While eating, I noticed Mariachi memorabelia everywhere. There were photos of full bands as well as individual (very macho) Mariachis, like Hollywood head-shots. I learned that the owner was Pepe Guitierrez of Guadalajara, and he was, yes, Boston’s original Mariachi. While his wife ran the kitchen, Pepe headed up Mariachi Guadalajara, the only band of Mariachis in town. Turns out the group had been in existence locally since, my memory’s vague here, 1978? 1980? He and his wife DID in fact, speak broken English. The instruments hanging on the walls were the real deal, owned by the group, who played there every Saturday night. The restaurant didn’t have a full liquor license, but they did have beer! Holy shit! What a find! What a freaking FIND!
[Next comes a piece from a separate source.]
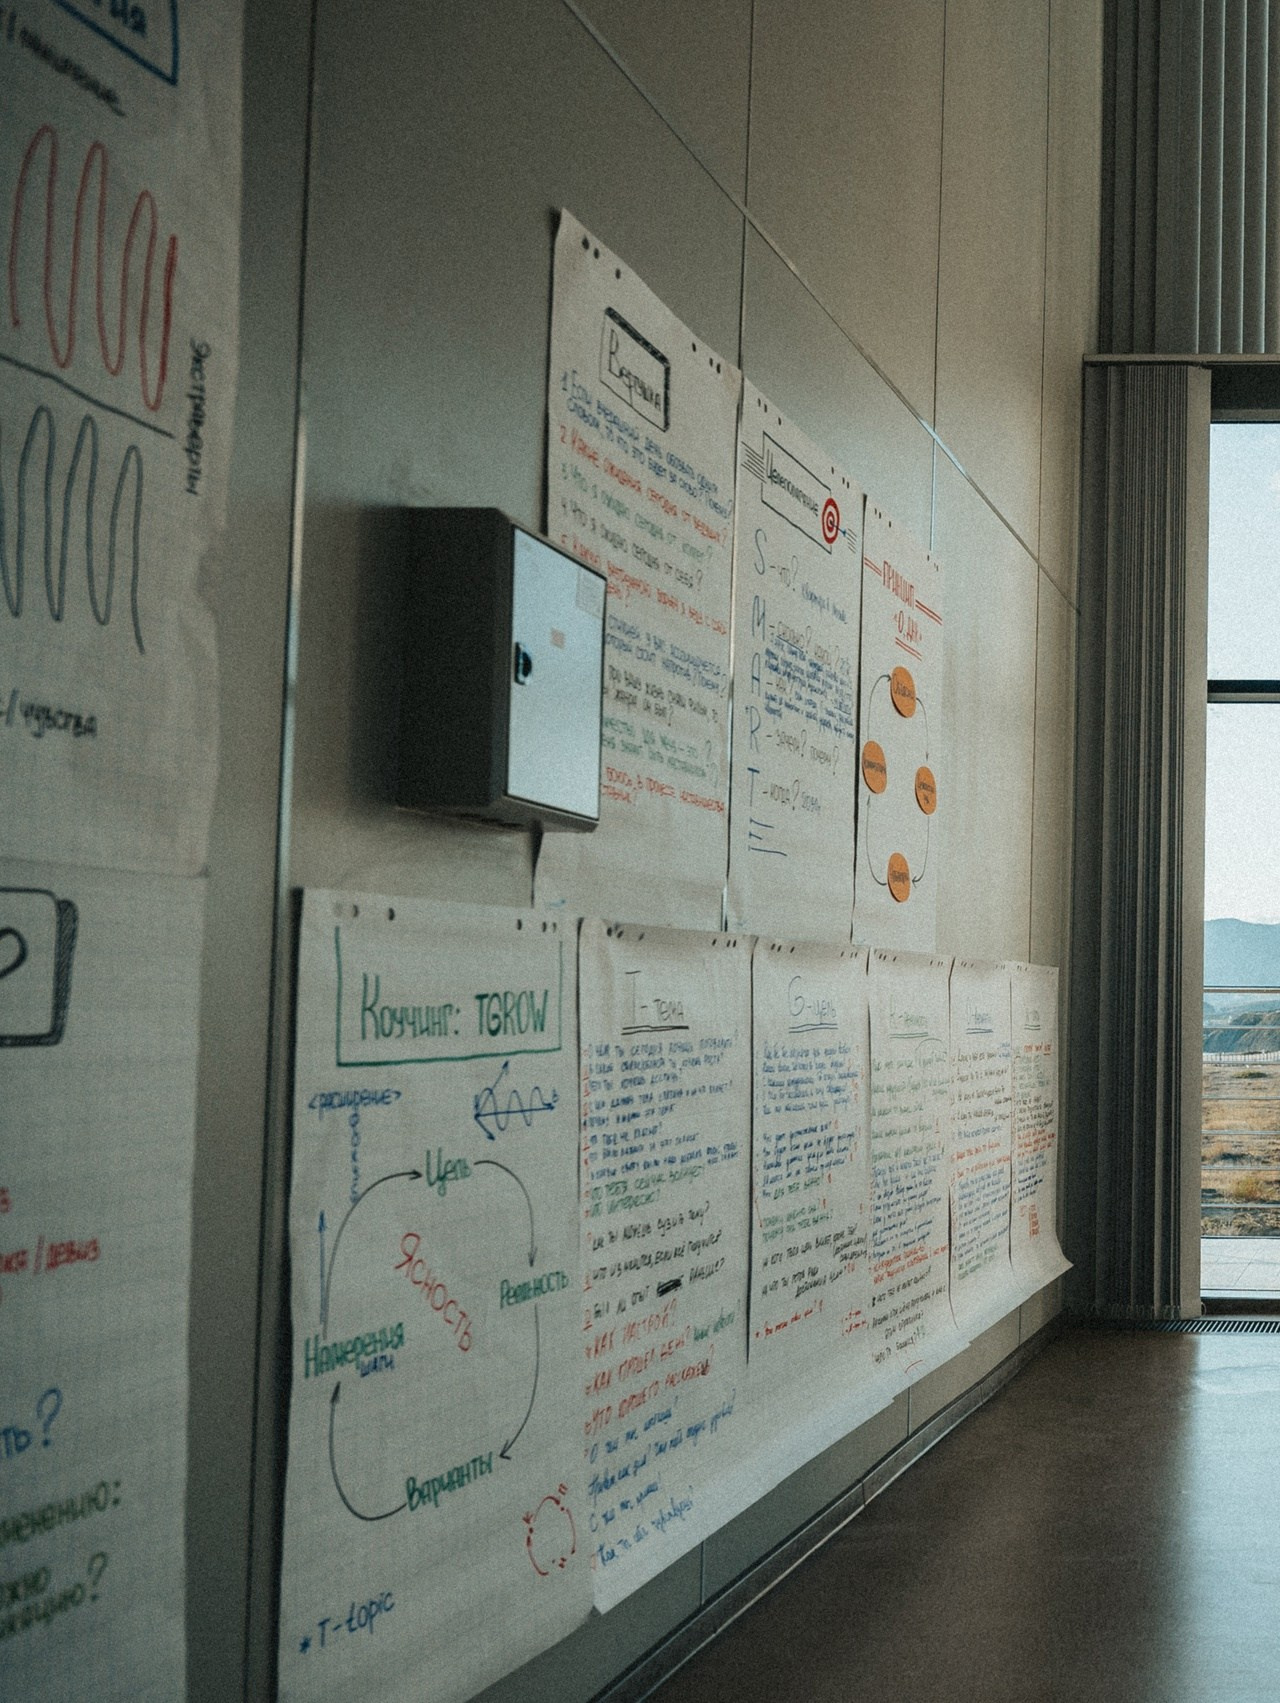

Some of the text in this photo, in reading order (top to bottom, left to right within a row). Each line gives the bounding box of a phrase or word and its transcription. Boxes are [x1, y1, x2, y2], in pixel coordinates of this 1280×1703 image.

[360, 971, 549, 1041] Коучинг: TGROW
[303, 1321, 405, 1380] Намерения
[405, 1451, 493, 1512] Варианты
[316, 1590, 396, 1649] T-topic
To make a long story even longer, I became a regular there. I got to know Pepe and the band and the girls who worked there. Dicky and I and bands we were working with at Squid Hell got introduced to Tacos El Charro and the Saturday night Mariachi fiesta. On nights when I had a gig with my band nearby, like at The Midway or The Milky Way, we’d go there to eat before the set. Though the place had yet to be “discovered”, I guess you could say WE were discovering it, bringing people there who likely never would have ventured in. And what fun we had!
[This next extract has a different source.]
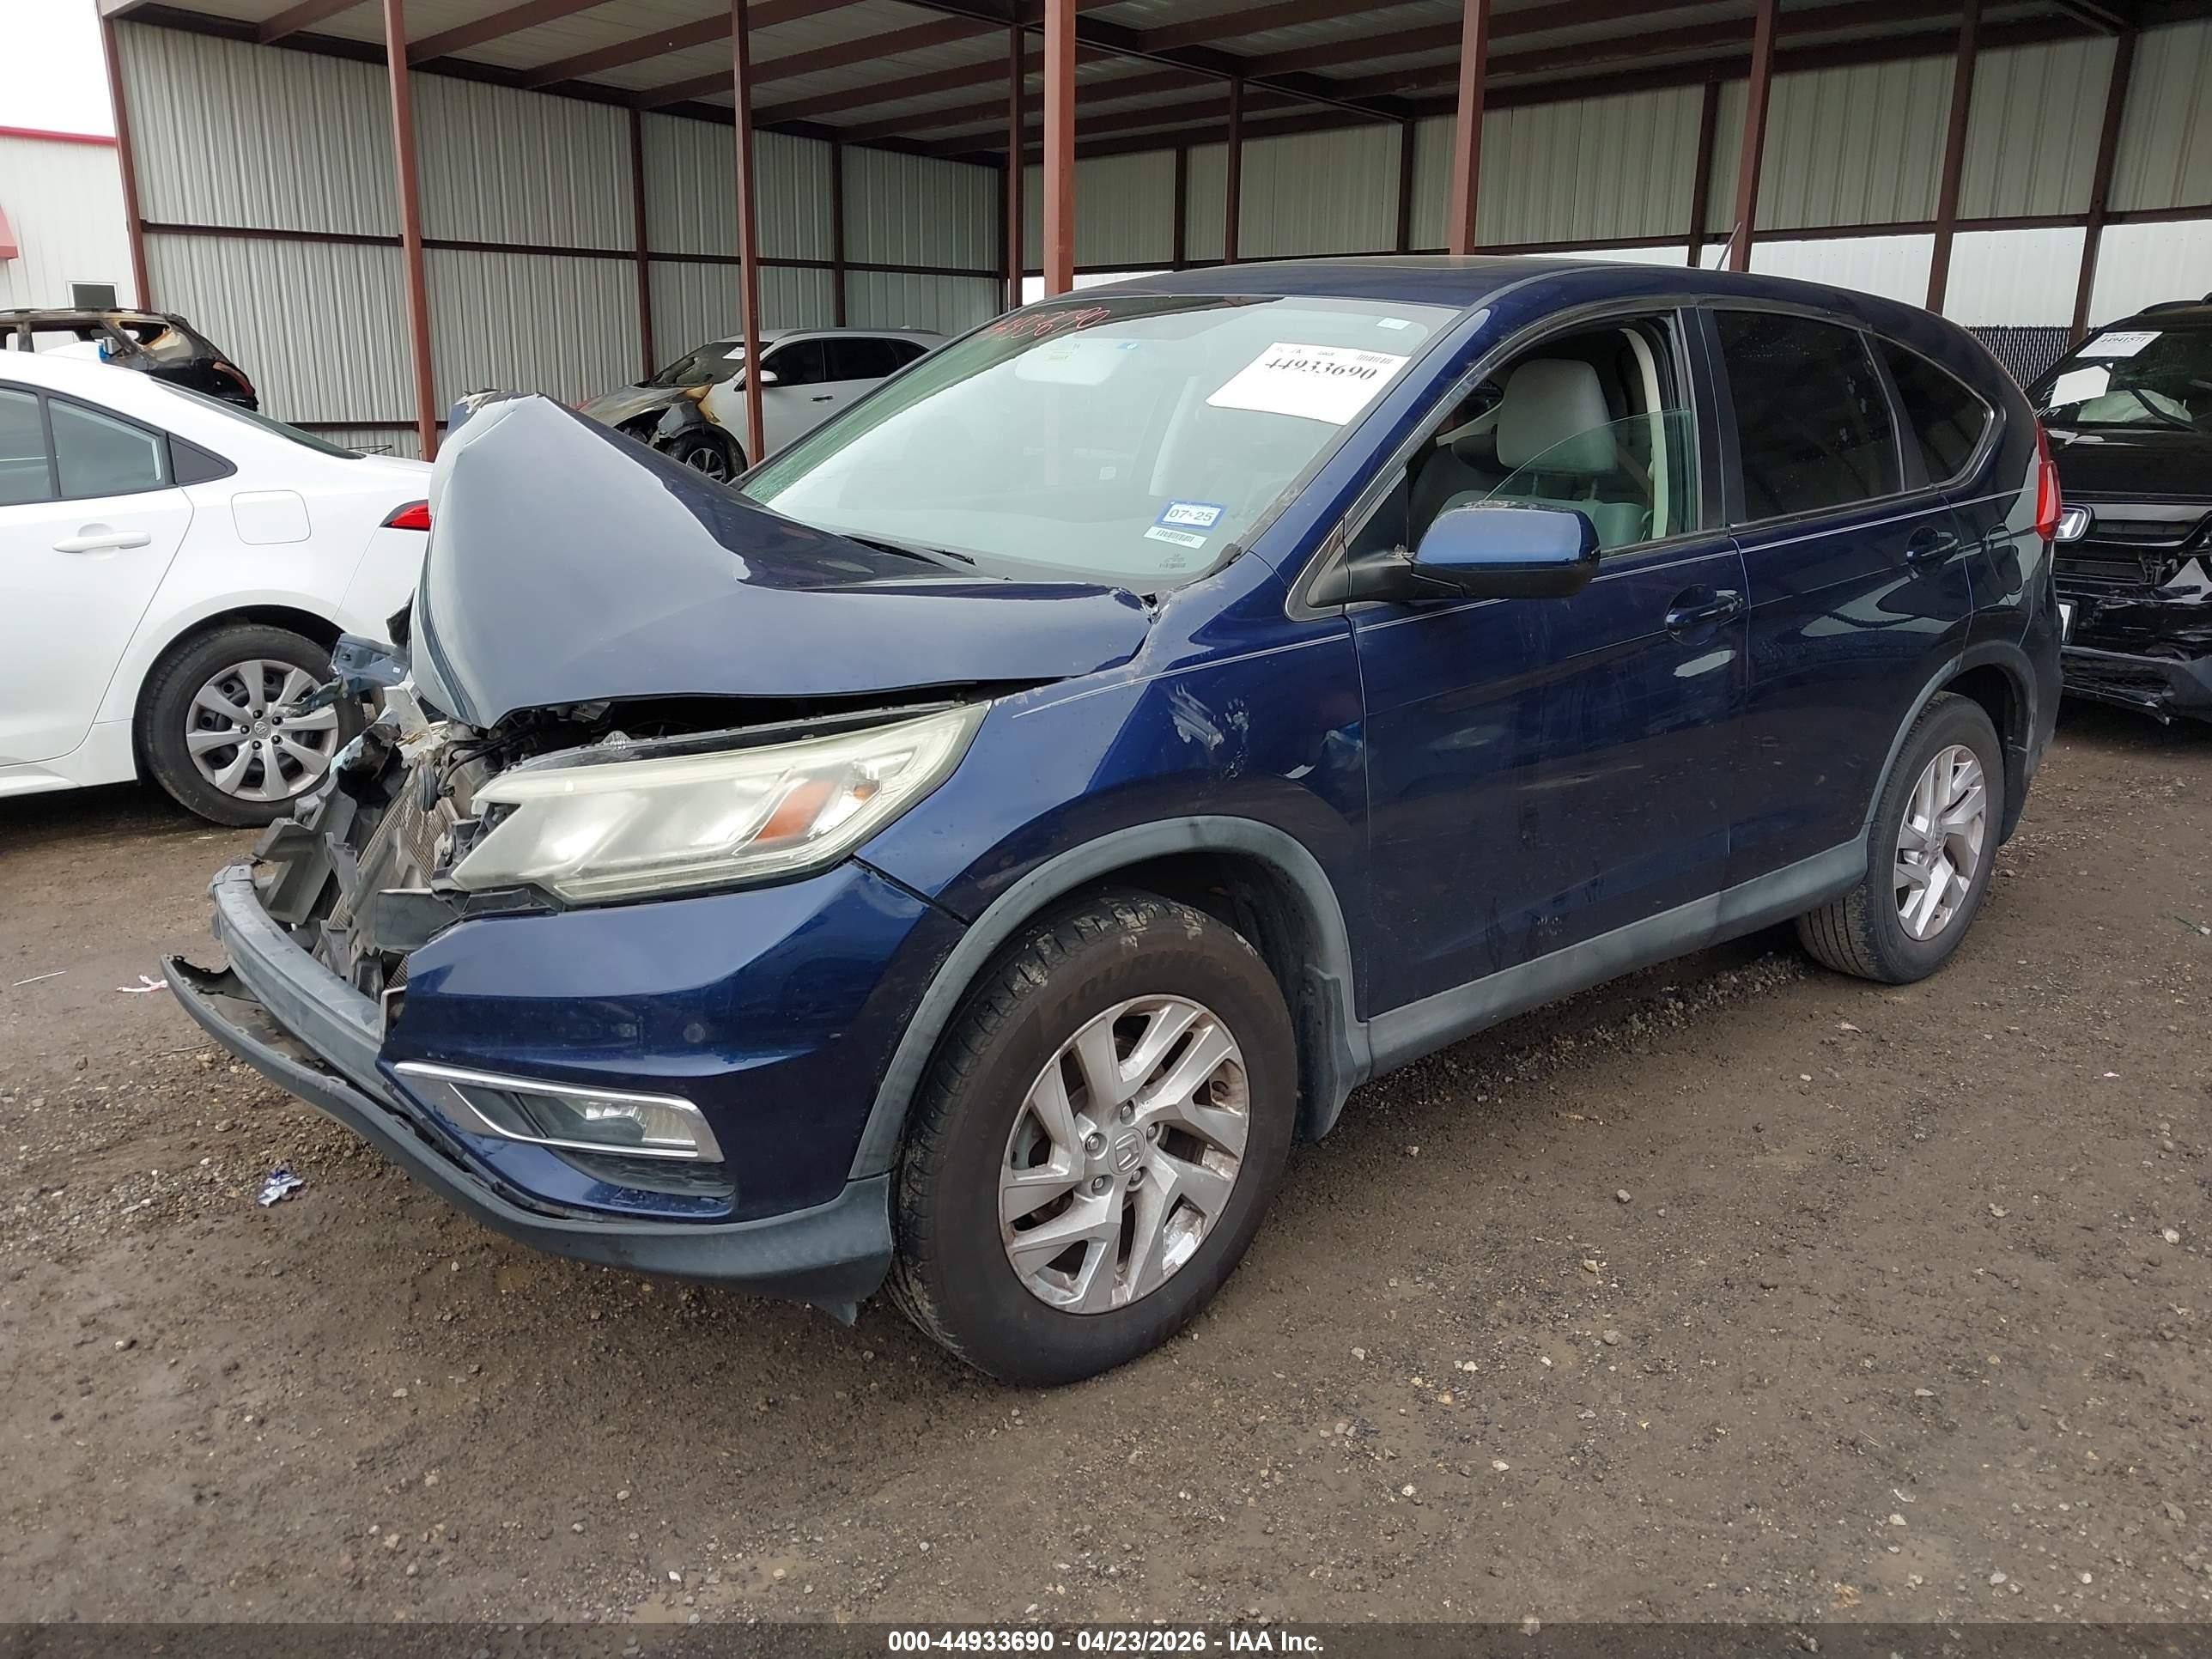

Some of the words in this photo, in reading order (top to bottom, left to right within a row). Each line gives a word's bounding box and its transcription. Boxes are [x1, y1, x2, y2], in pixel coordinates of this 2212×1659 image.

One memorable night, we experienced Tacos El Charro in its full glory. (Actually it would be more memorable if I hadn’t drowned so many brain-cells in Tecate and Tequila). It was at least ten years ago now. Now that I think of it, it may have been on the eve of us moving to Albuquerque, which would make it late summer of ’97. Bernadette and I and a few friends, including our friend Bert Katzianer, were there having dinner (Bert was in a band I was producing called Rebel Yell). We had a big table with a party of at least six people. It must have been a Saturday because the Mariachis were doin’ their thing. The cervesa was a-flowin’ and the trumpets were a-blowin’ and before we knew it, they had closed the restaurant with us inside. I distinctly remember one of the waitresses locking the door and putting the closed sign up. I’d guess it was about 11:30 when she did that. Now it was the band, the staff, and US! This is when the REAL party began. Suddenly, I got the distinct feeling beer was not the only beverage being consumed. Everyone was dancing and drinking and whooping and hollering. Apparently we were being considered part of the family, and included in the fiesta.
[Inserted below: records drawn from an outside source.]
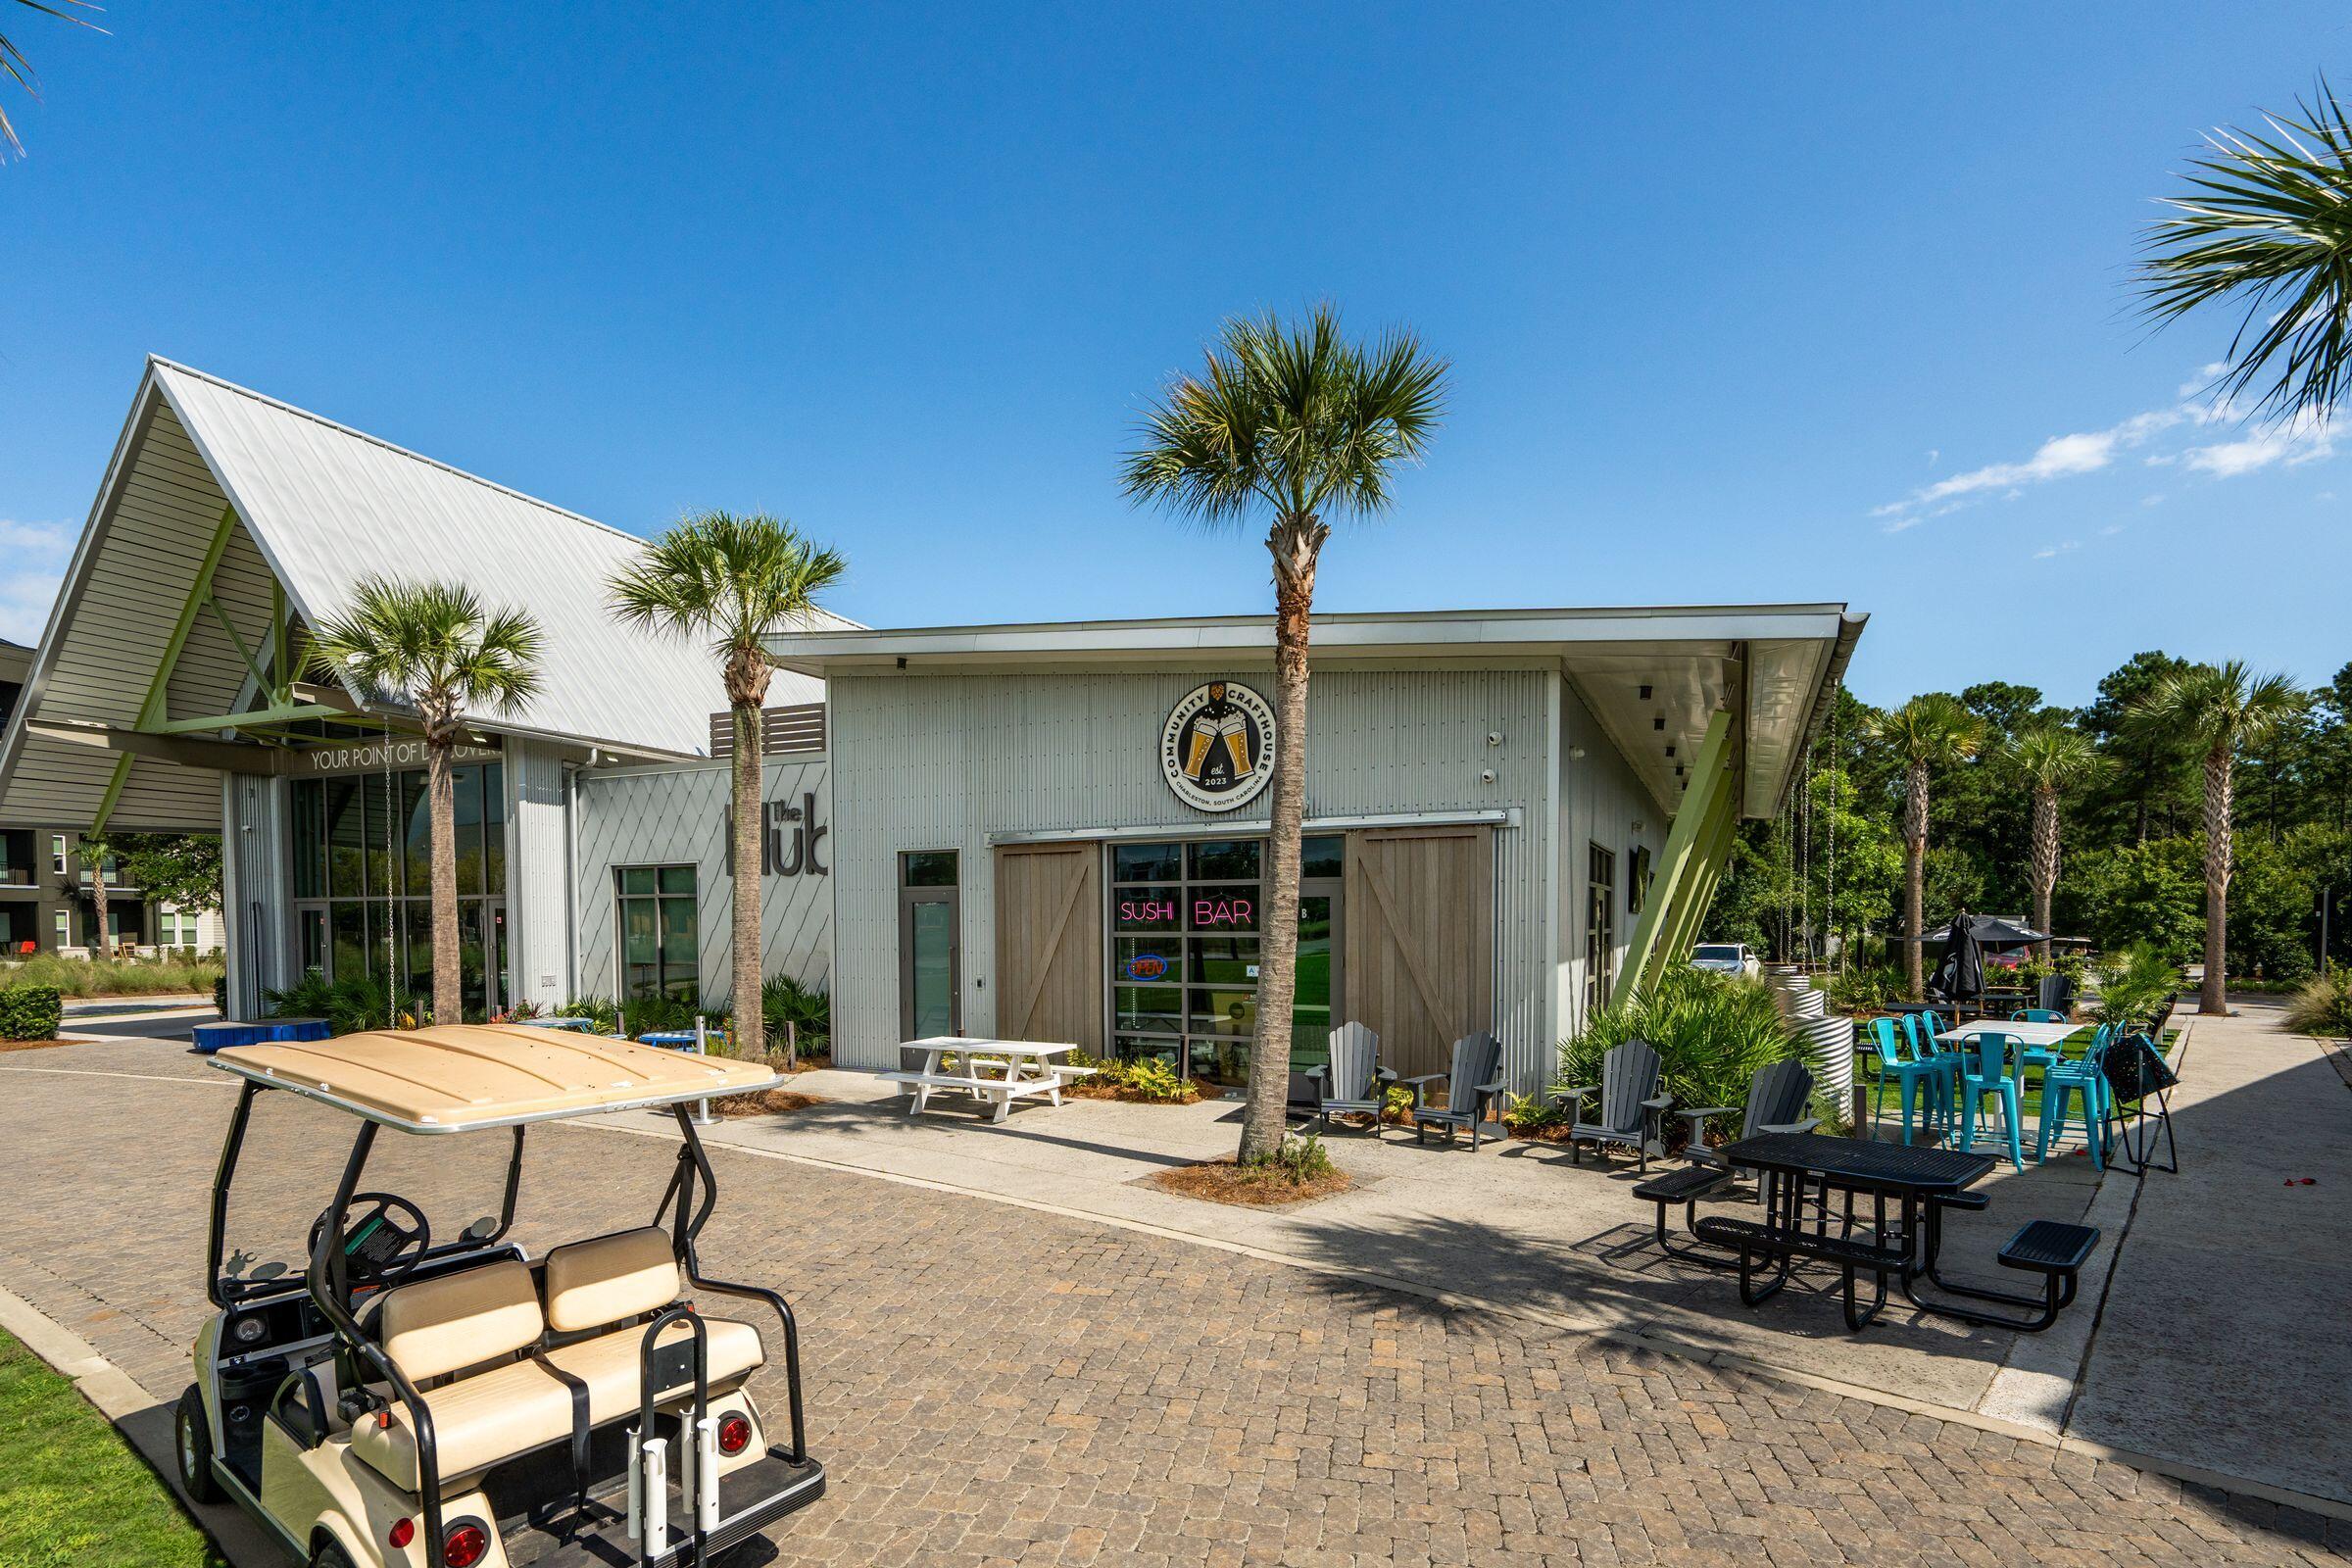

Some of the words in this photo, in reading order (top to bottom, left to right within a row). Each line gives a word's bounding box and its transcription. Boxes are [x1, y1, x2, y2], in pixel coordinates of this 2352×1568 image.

[1166, 693, 1204, 778] COMMUNITY
[1228, 690, 1273, 772] CRAFTHOUSE
[312, 749, 349, 770] YOUR
[353, 746, 392, 766] POINT
[397, 743, 417, 762] OF
[1176, 782, 1211, 806] CHARLESTON,
[1236, 775, 1263, 801] CAROLINA
[770, 799, 803, 822] The
[1121, 901, 1174, 920] SUSHI
[1195, 900, 1251, 925] BAR
[1131, 960, 1163, 975] OPEN
I think it was Pepe or another guy in the group who first shouted for Beatris. Beatris was our waitress, this cute round Mexican girl with a couple of gold teeth right in the front. Others in the place joined in the call for Beatris to the stage. So, sheepish and blushing, she got up there and Pepe handed her the mic. They struck up a Mariachi Classic, Arboles de la Barranca I think it was, and Beatris proceeded to canta la cancion. She had the voice as strong as Tequila, as smooth as a Mexican brew. Incredible! She set the casa en fuego! To be flies on the wall would have been worth it, but they made us feel like full participants in the carnival. They were bringing us beer and not charging for it. At one point I found myself downstairs (Men's room) and my suspicions were confirmed. I stumbled in to the band room where the Mariachis were enjoying Tequila shots. Far be it for me not to join in! Salud!

After that, it gets pretty fuzzy. Like I said, it would be a night to remember, if only I could remember it!

Tom Halter, the lead trumpet in the group has worked with me in the studio a few times over the years, including recently. He’s an Americano but can play with perfectly imperfect slurry Spanish accent. He’s been in the outfit with Pepe, now called Mariachi Mexamerica since day one. You can hear a sample of his work with me on The Fathoms new LP, “Fathom This!”. Click on this link and play the song, “The Palomino”.


Pepe "El Tapatio" Gutierrez in prime form. Que guapo!